-- SOURCE RECORDS follows --

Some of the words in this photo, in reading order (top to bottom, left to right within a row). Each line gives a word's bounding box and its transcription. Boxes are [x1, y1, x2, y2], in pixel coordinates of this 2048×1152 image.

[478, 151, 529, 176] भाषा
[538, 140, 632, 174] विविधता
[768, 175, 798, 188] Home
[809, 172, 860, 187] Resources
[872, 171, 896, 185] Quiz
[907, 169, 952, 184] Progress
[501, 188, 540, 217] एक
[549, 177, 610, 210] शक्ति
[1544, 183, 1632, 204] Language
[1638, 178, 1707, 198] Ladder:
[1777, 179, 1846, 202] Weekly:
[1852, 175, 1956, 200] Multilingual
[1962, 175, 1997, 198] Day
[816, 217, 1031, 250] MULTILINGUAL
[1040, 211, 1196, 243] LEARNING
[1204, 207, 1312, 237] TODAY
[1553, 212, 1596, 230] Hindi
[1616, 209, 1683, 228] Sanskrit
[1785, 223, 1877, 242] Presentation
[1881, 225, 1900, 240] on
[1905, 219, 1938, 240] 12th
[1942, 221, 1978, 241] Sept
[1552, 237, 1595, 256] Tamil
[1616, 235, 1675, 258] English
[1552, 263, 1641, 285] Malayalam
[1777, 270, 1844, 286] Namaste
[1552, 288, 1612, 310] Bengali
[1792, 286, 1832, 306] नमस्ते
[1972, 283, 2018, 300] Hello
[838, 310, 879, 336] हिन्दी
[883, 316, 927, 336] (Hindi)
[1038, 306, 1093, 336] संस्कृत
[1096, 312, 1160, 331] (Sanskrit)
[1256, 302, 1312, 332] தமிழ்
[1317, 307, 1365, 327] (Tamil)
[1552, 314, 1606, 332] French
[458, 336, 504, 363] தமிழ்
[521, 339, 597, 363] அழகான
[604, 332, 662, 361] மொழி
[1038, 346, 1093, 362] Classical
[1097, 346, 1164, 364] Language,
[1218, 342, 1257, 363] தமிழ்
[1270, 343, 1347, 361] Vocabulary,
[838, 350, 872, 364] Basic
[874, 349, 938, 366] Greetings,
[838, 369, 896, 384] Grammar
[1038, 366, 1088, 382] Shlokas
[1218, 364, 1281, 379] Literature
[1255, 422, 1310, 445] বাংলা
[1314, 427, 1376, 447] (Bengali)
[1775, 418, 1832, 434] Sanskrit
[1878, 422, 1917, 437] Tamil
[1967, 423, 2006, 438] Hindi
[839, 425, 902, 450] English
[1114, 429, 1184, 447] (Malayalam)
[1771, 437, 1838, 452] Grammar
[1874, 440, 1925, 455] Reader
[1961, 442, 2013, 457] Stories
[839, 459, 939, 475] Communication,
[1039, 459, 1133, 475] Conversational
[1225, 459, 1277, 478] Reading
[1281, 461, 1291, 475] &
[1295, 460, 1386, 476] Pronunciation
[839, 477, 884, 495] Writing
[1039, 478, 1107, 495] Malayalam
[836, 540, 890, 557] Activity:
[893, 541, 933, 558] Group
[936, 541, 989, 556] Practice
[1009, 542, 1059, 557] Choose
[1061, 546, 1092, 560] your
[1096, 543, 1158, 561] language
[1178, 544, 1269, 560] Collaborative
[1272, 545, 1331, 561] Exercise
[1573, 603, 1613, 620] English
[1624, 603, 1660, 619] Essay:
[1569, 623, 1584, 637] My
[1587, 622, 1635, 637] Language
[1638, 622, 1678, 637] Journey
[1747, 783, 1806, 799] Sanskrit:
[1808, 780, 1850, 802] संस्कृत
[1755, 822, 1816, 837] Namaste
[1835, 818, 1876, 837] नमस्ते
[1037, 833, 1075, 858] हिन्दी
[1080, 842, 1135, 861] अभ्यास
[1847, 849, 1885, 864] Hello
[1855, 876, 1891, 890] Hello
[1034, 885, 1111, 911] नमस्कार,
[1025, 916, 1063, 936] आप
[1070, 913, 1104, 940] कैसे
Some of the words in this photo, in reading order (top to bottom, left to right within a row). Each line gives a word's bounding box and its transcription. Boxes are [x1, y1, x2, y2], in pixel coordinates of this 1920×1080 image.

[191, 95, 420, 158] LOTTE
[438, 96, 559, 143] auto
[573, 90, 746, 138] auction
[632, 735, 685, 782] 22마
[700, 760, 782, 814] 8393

-- SOURCE RECORDS concluded --

#### [DIRECTIONS]
All lines above that hold the string "order" should be copied.

#### [ANSWER SECTION]
Some of the words in this photo, in reading order (top to bottom, left to right within a row). Each line gives a word's bounding box and its transcription. Boxes are [x1, y1, x2, y2], in pixel coordinates of this 2048×1152 image.
Some of the words in this photo, in reading order (top to bottom, left to right within a row). Each line gives a word's bounding box and its transcription. Boxes are [x1, y1, x2, y2], in pixel coordinates of this 1920×1080 image.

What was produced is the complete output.